This Industry-oriented data science curriculum is designed to equip students with the skills and knowledge needed to apply data science techniques in real-world industry settings. Here are some key components we intend to discuss:
- Core Data Science Skills:
- Programming: Making students proficient in Python programming.
- Statistics and Probability: Understanding of statistical methods and probability theory.
- Data Manipulation and Analysis: Techniques for cleaning, transforming, and analysing data.
- Data Visualization: Tools and techniques for visualizing data effectively.
- Soft Skills:
- Communication: Developing ability to present data insights clearly and effectively.
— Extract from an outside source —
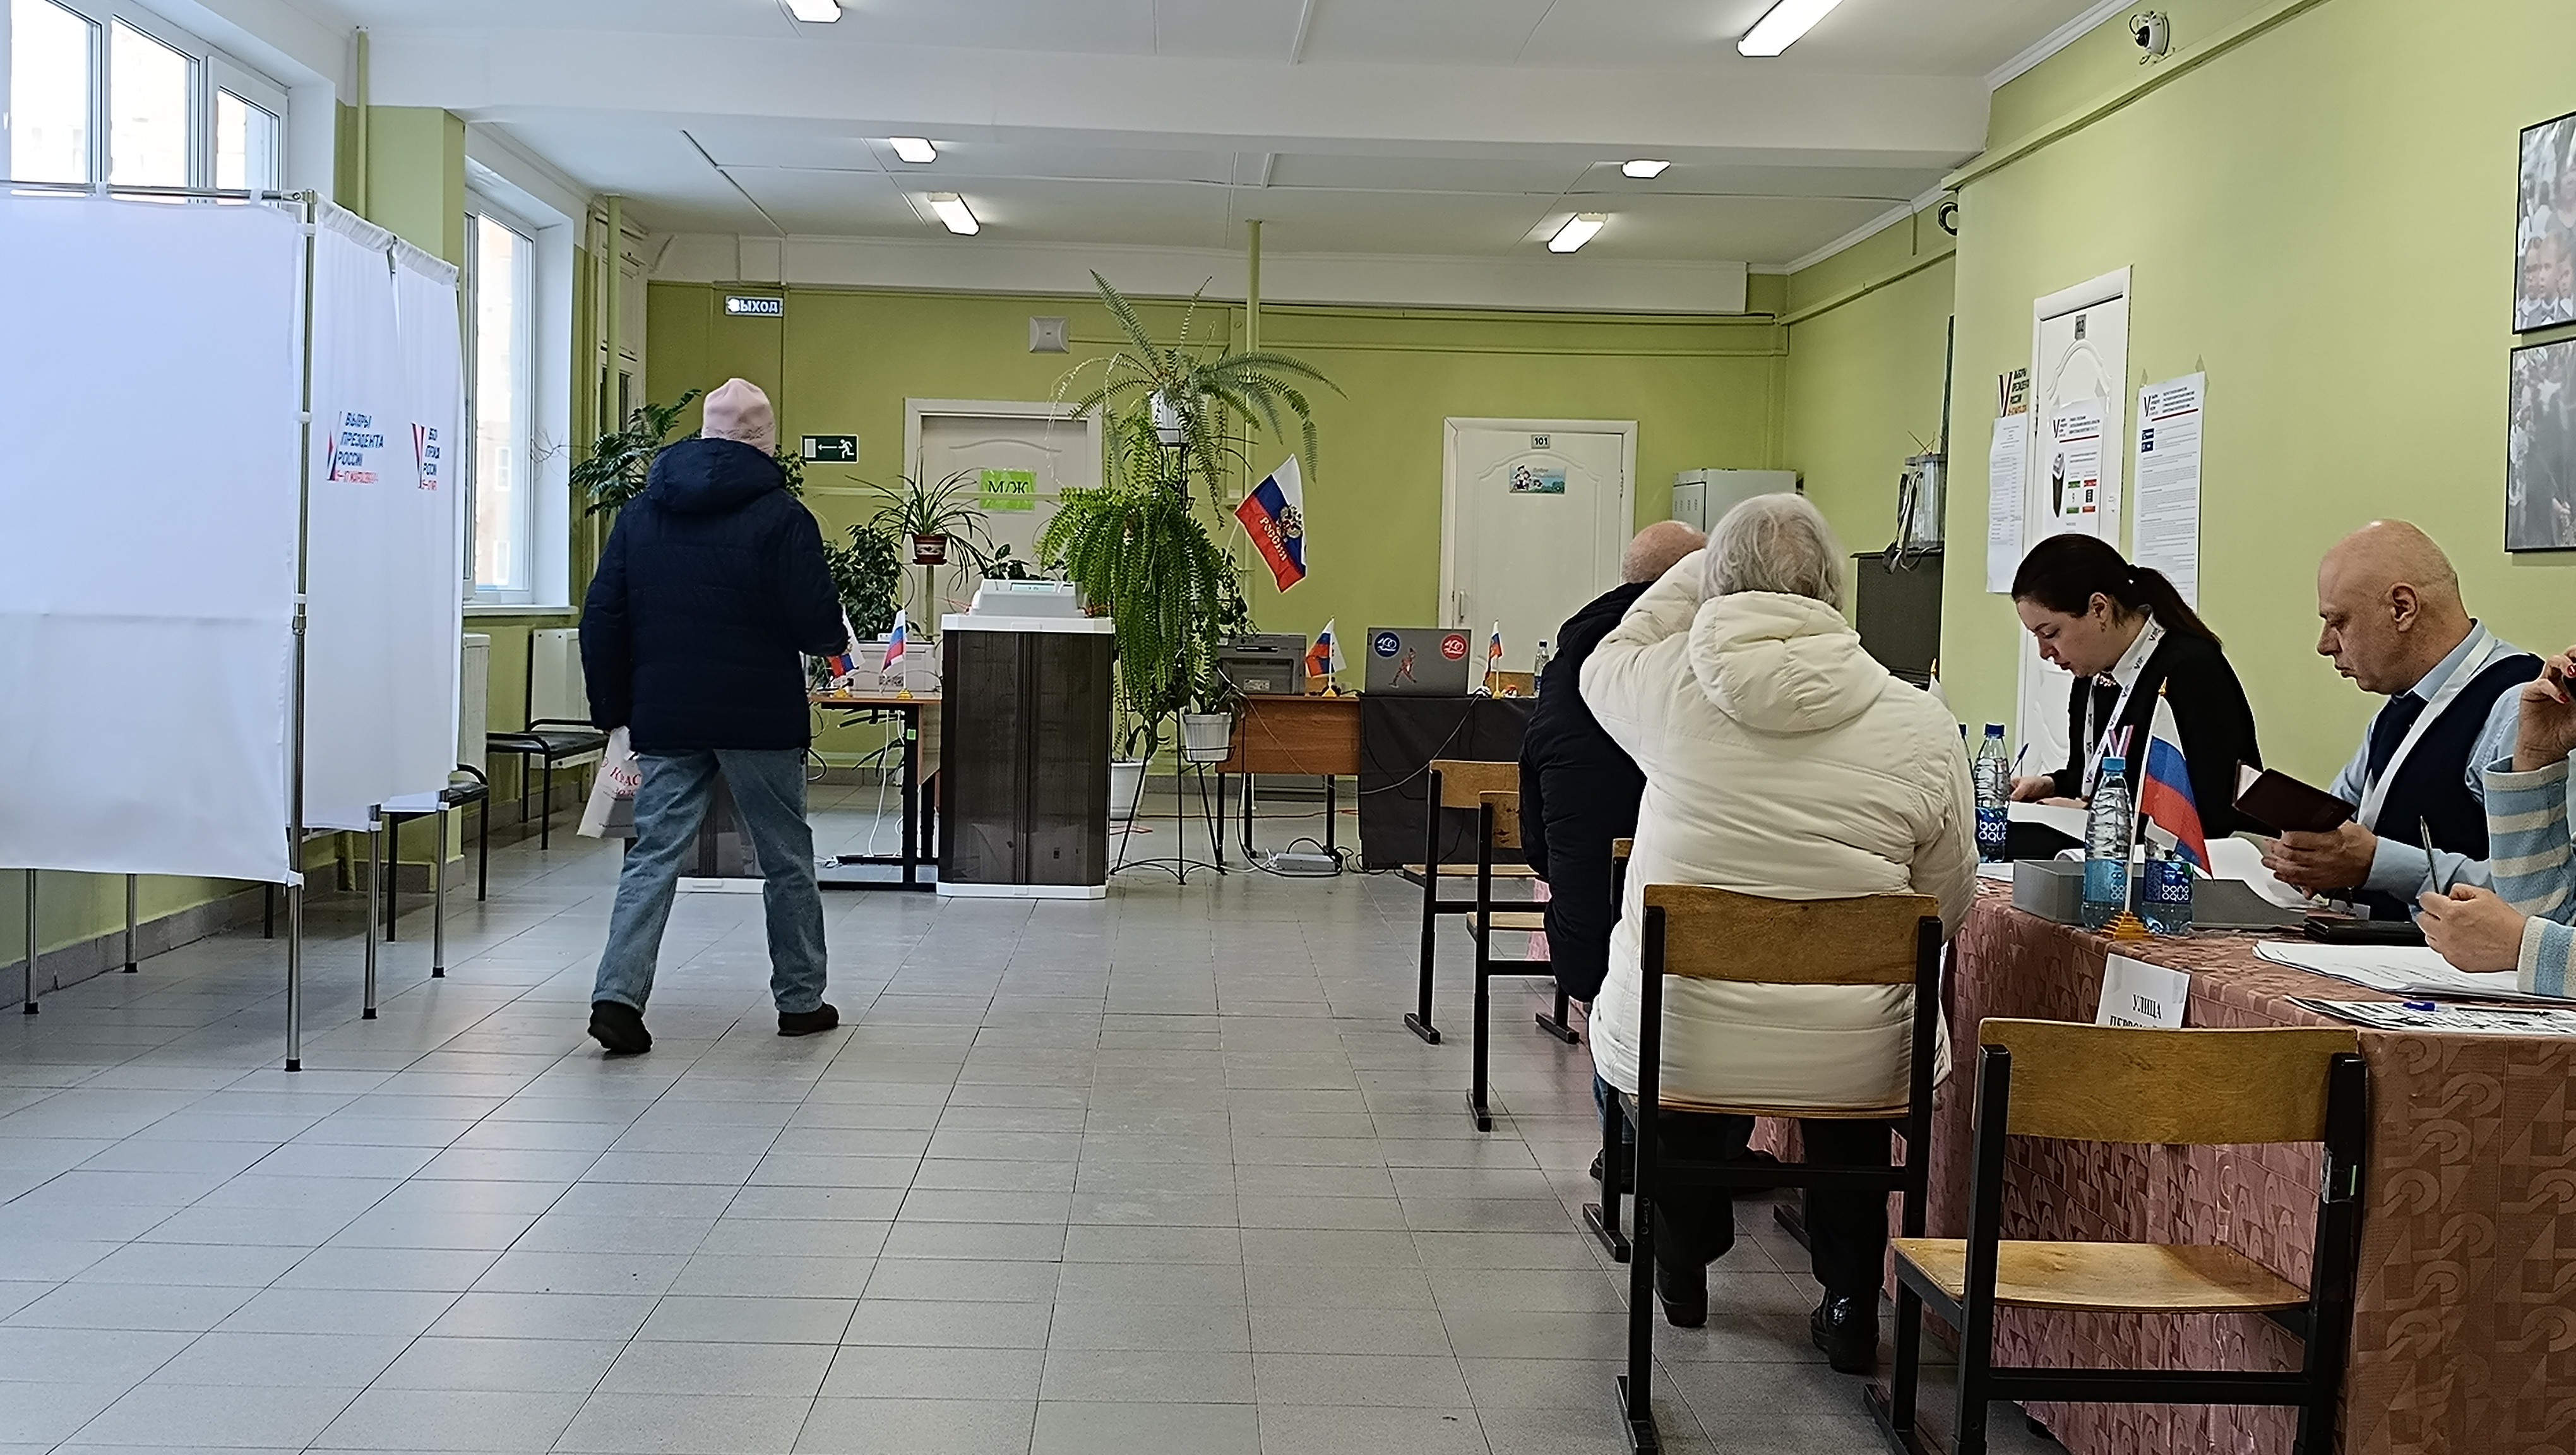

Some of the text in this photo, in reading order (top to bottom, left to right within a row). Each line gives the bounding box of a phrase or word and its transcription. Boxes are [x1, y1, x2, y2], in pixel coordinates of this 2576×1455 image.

[1534, 437, 1548, 445] 101
[1260, 517, 1287, 561] РОССИЯ
[2133, 993, 2162, 1019] УЛИЦА
- Teamwork: Group assignments.
- Problem-Solving: Applying critical thinking to solve data-related challenges.
- Industry Tools and Technologies:
- Familiarity with tools like Jupyter Notebooks, SQL or MySQL
- Exposure to cloud platforms like Azure for data storage and processing.
- Ethics and Legal Considerations:
- Understanding of data privacy, ethical considerations, and legal compliance in data handling.
For each topic, we will discuss in detail, practise with synthetically made industry data, assignments will be given and feedback will be shared. Test will be conducted. Additional help will be provided to prepare on vendor certification for example, Microsoft Data Scientist DP 100 exam.